For the last few years, I’ve ended every school year by giving students what I refer to as my “empathy” speech, a 5-7 minute attempt to contextualize the importance of the subject I teach (English). None of this is probably terribly new, but this year I felt like writing it out because this is my blog and I can do what I want. So here’s a modified/expanded version…
Nothing that we do in school matters as much as we think it does. GPA, test scores, college acceptances. Our culture pushes these so hard on kids as markers of success. If you work in schools or are a parent of a teen (or have been a teen in this society), you’re probably well aware of the psychological/emotional damage that results from encouraging kids to base their self-worth or identity on material success. We might admire people for their achievements, but, ultimately, when we think of the people who personally matter to us most and why, it’s probably not because of any of these things.
At the end of the day, what matters most in this world is how we treat other people. The people that matter most to us personally are the ones who have shown us the most compassion, who have been there for us during difficult times, who have accepted us fully no matter what, who have genuinely listened to us and made us feel seen and understood. Doing these things for others does not require a 4.0, a perfect SAT score, or a college degree. (Not to say the material doesn’t matter at all–it’s difficult to care for others if all of your emotional energy is spent on surviving at the material level.)
Empathy must be at the heart of our actions toward others. Not obligation. Not our resume. Not a desire to appear “good” to others or to ourselves. People can sense fakeness a million miles away, and when they do, those actions become condescending or demeaning or dehumanizing. Instead, we must strive to feel as others feel to the extent we are best able to and let that guide how we treat them. This means when something good happens to a close friend, we feel happy not jealous. It means when a loved one is sad, we understand that they need to process that sadness, not just stop crying. It means when a community we care about suffers injustice, we want to help them make things right.

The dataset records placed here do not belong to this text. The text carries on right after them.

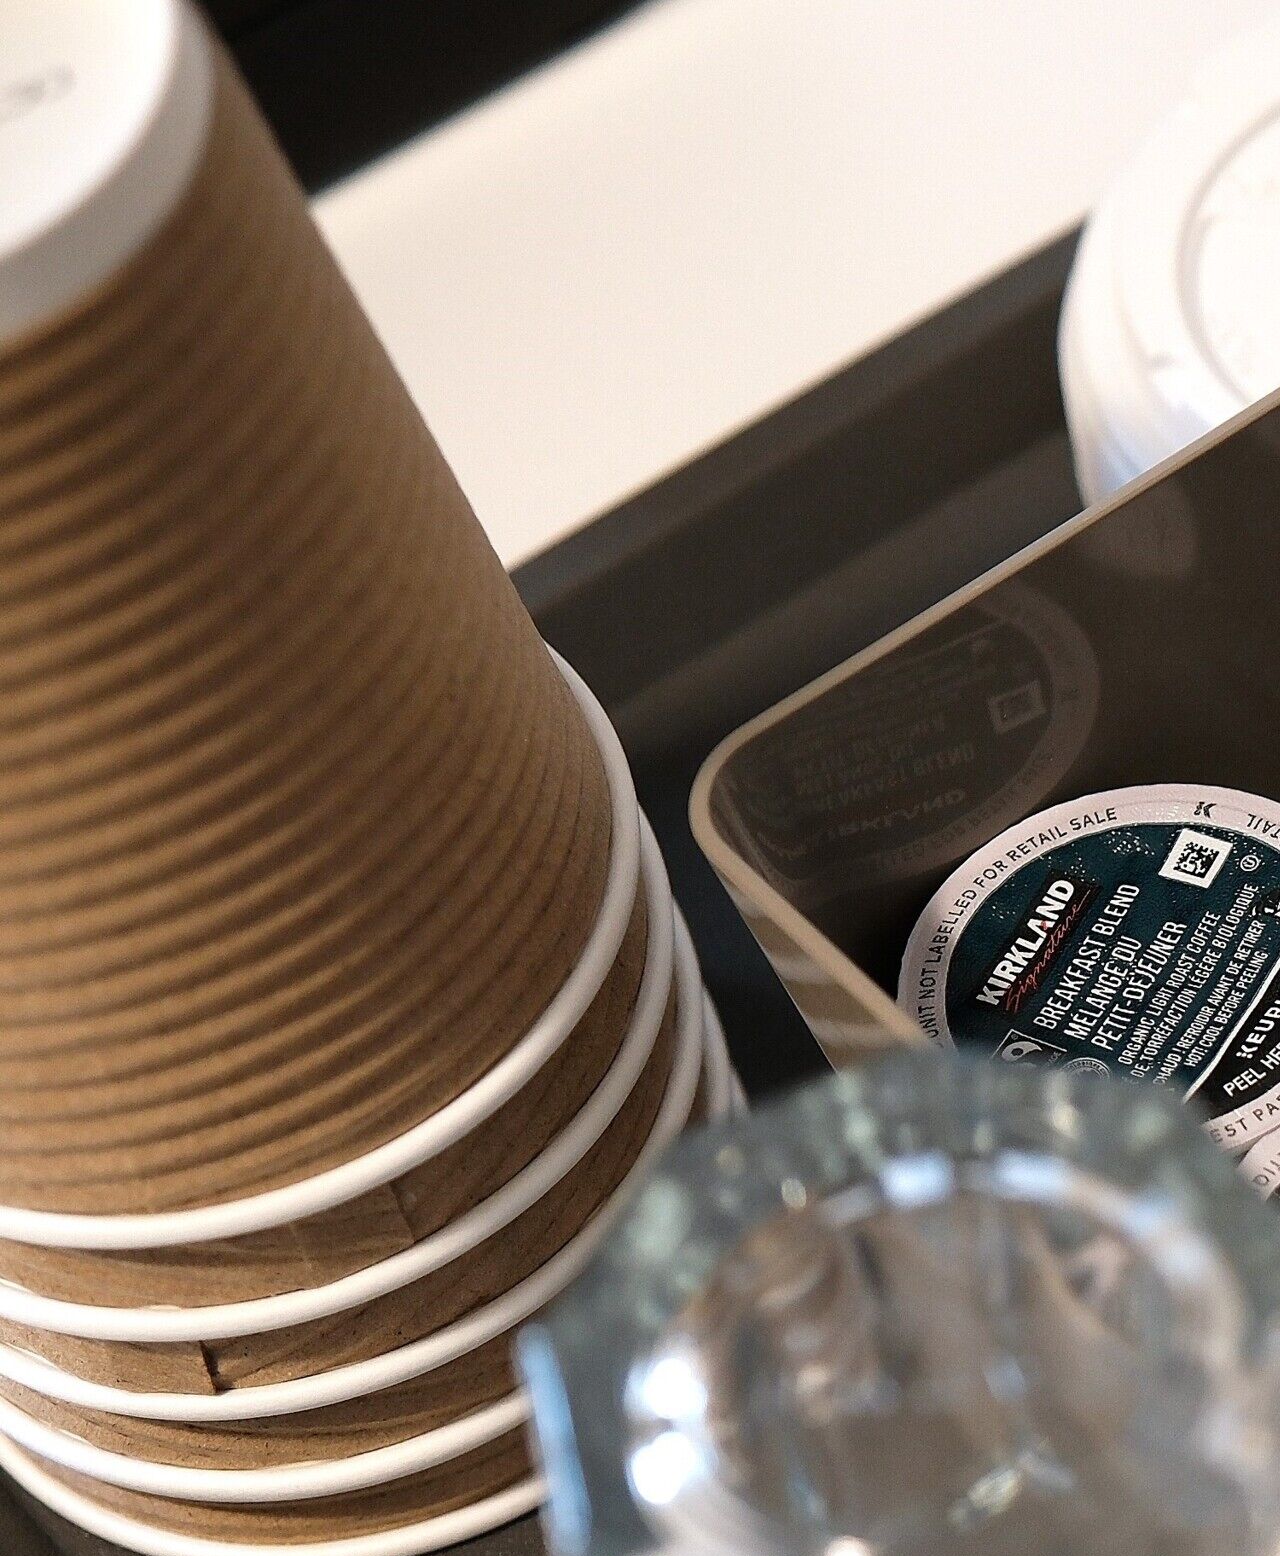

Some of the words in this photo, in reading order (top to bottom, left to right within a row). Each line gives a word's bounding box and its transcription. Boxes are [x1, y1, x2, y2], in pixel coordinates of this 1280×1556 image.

[1069, 807, 1117, 831] SALE
[1006, 825, 1068, 861] RETAIL
[973, 860, 1008, 888] FOR
[927, 889, 977, 963] LABELLED
[976, 879, 1075, 1006] KIRKLAND
[1233, 919, 1266, 960] RETIRER
[1005, 889, 1092, 1014] Signature
[1033, 936, 1106, 1030] BREAKFAST
[1091, 884, 1140, 936] BLEND
[1230, 956, 1243, 976] DE
[918, 968, 938, 1001] NOT
[1090, 921, 1188, 1050] PETIT-DÉJEUNER
[1118, 1016, 1155, 1065] ORGANIC
[1151, 987, 1173, 1022] LIGHT
[1165, 954, 1196, 990] ROAST
[1186, 911, 1221, 954] COFFEE
[1141, 989, 1198, 1067] TORRÉFACTION
[1190, 949, 1222, 990] LÉGÈRE
[1211, 883, 1259, 949] BIOLOGIQUE
[1207, 974, 1235, 1007] AVANT
[1063, 959, 1128, 1040] MÉLANGE
[1199, 1019, 1223, 1048] COOL
[1214, 989, 1246, 1026] BEFORE
[1235, 950, 1269, 990] PEELING
[917, 1004, 939, 1038] UNIT
[1182, 1004, 1216, 1050] REFROIDIR
[1223, 1067, 1267, 1098] PEEL
[1209, 1118, 1248, 1143] EST

Admittedly, this is an uphill battle. We’re ego-driven creatures in a society that values individualism over all else. However, I believe it’s possible to develop our capacity for empathy in the same we can we develop our physical health, intelligence, wealth, or success–and it’s more important that we do so. This doesn’t happen passively, though. We need to strive to do so in the same way we work so hard to build those others aspects of our lives.

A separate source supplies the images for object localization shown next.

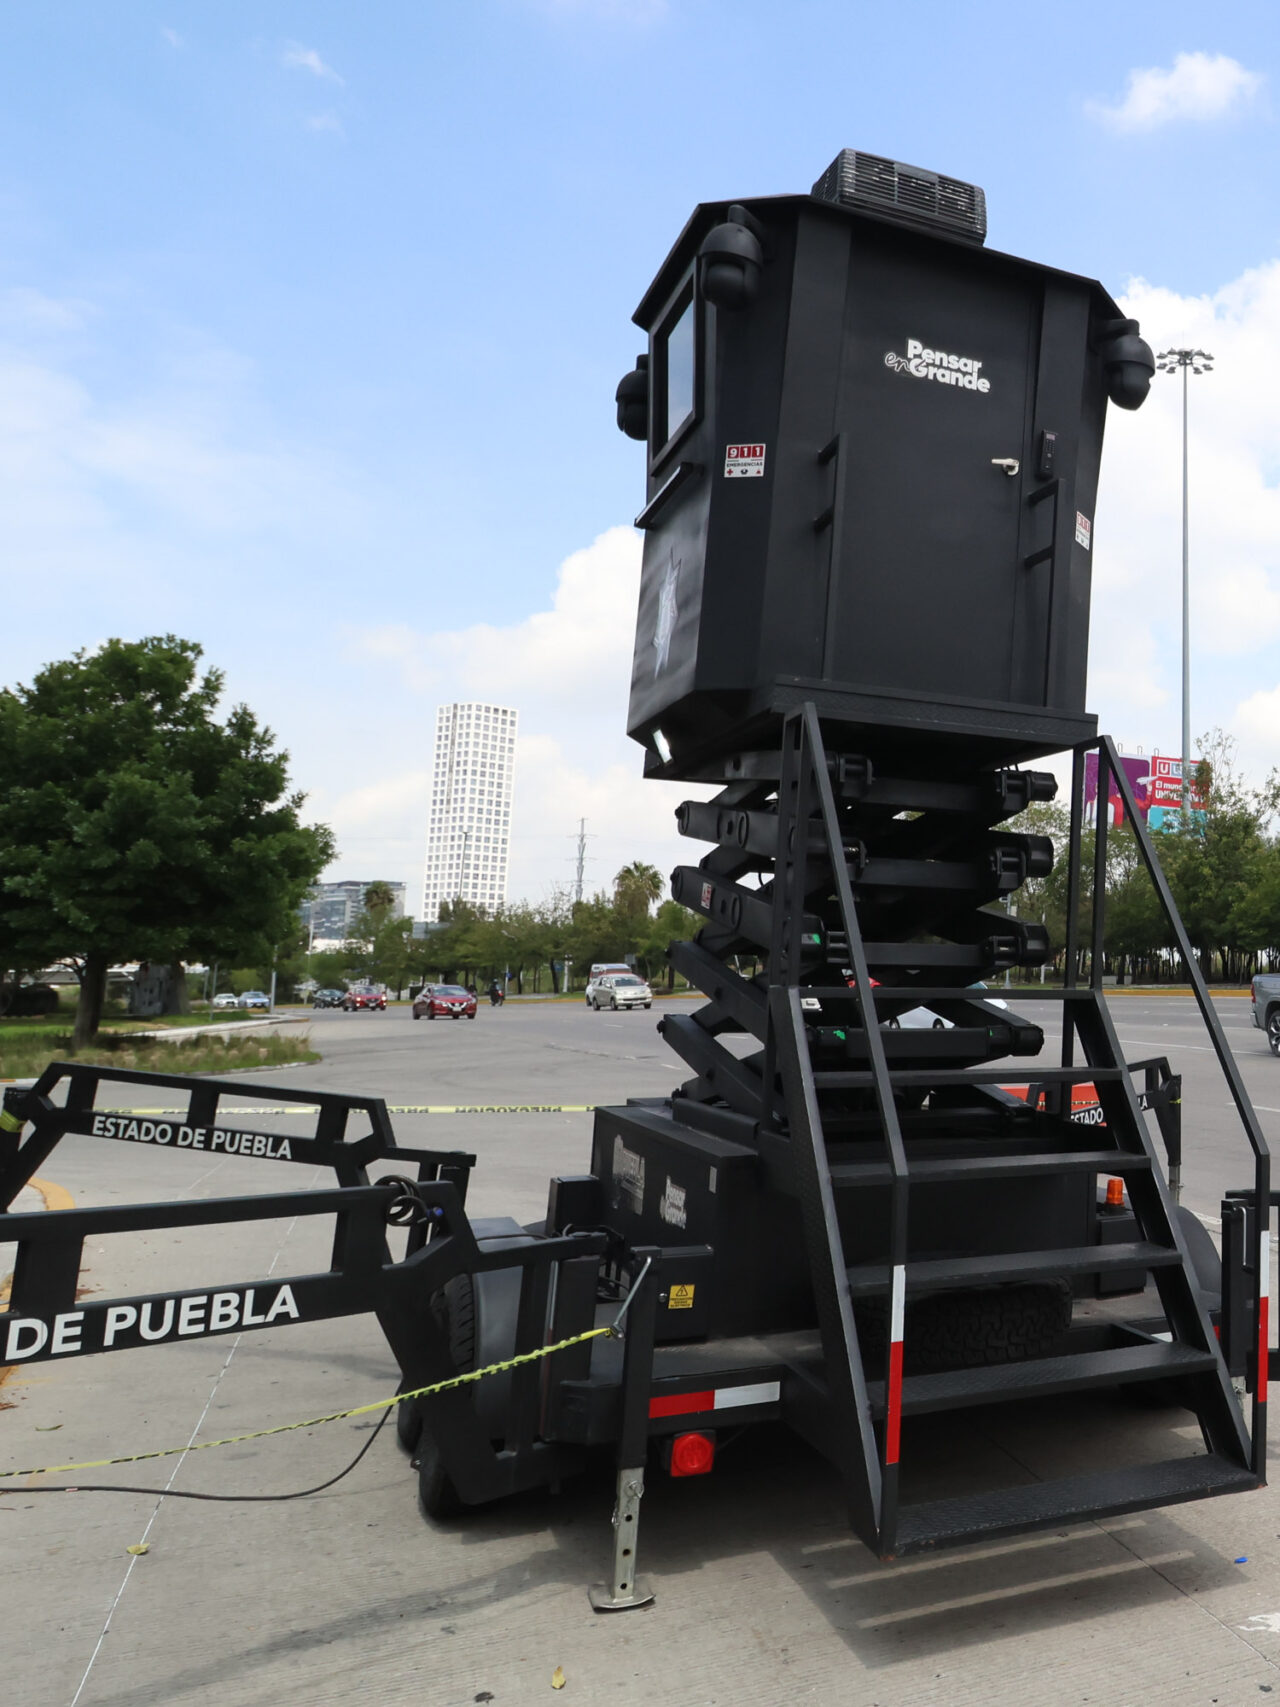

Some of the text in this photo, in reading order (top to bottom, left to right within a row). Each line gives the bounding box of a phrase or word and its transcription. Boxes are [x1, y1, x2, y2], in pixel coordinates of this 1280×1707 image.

[885, 352, 991, 393] en Grande
[907, 338, 982, 373] Pensar
[729, 446, 762, 458] 911
[1155, 780, 1162, 789] El
[92, 1115, 293, 1160] ESTADO DE PUEBLA
[5, 1284, 300, 1361] DE PUEBLA

Listening is the way to expand empathy. I’m not talking about engaging in a debate and listening to someone’s abstract political opinions. I’m referring to truly listening to someone else’s personal story–what has happened to them, how they feel about it, how they interpret it, etc. And then, once it’s told, not giving advice or analysis but asking questions to clarify and to deepen understanding. When we do this–especially with regularity–we connect with someone at a personal level. We recognize their humanity as we put ourselves in their position. Many of us do this naturally with our family members and close friends, which is why they’re likely the ones we care about and empathize with the most. I would argue that when our relationships with our families/friends feel superficial or strained or toxic, it’s because there’s an imbalance in whose story is being told/listened to.
Who we’re able to come into contact with personally is limited by time and space, but stories–regardless of medium–demolish those boundaries. Books, movies, TV shows, poems, songs, video games, art, comics, etc. allow us to listen to the stories of those we don’t or can’t come in contact with regularly. Fictional or not, stories are stories, and stories are exercises in empathy. A story invites you to live someone else’s life for a spell. And I’m biased as an author and an English teacher, but I believe books are (currently) the best medium for developing empathy. The act of reading, of swimming in someone else’s language, puts you inside their head for a few hours/days/weeks in a way that watching someone’s story play out on a screen cannot.
This is why it’s so important that we have a diversity of story-experiences and a diversity of stories and storytellers. The narrower our story-experiences, the narrower our empathy will be. The wider our story-experiences, the wider our empathy will grow. And because how we treat others is based upon our capacity for empathy, growing our empathy will lead to a better world for all of us.
A few caveats that I’m too lazy to figure out how to best integrate into this piece:
- A story will NEVER be an exact replication of a lived experience–it’s important to understand and acknowledge this limit. We can’t ever listen/read/view a story and then know exactly what it is like to have actually lived that. The best stories may approach that limit, but it can be damaging to assume knowledge we don’t have.
- Even though I believe that if we want a world where everyone’s full humanity is recognized, everyone must grow their empathy, there is more of a moral imperative on society’s dominant group to do so if we’re ever going to see practical change. Men must listen to women. White people need to listen to people of color. The rich need to listen to poor. The free must listen to the incarcerated. And so on. The paradox is that as part of the group with power, they are the least likely to do so. They don’t have to, and they, in fact, stand to lose some of their power by doing so. Those with less power may push to tell their stories and make them be heard, but we can’t force someone to listen. Those in power have to decide to do that themselves. Those with power must make the effort to create space for those with less power to tell their stories, genuinely listen to those stories, and then convince others with power to do the same.
- This post is kind of a response to that article that made the rounds a while ago titled “I Don’t Know How To Explain To You That You Should Care About Other People.” Not really a direct response, but maybe a result of thinking about that question.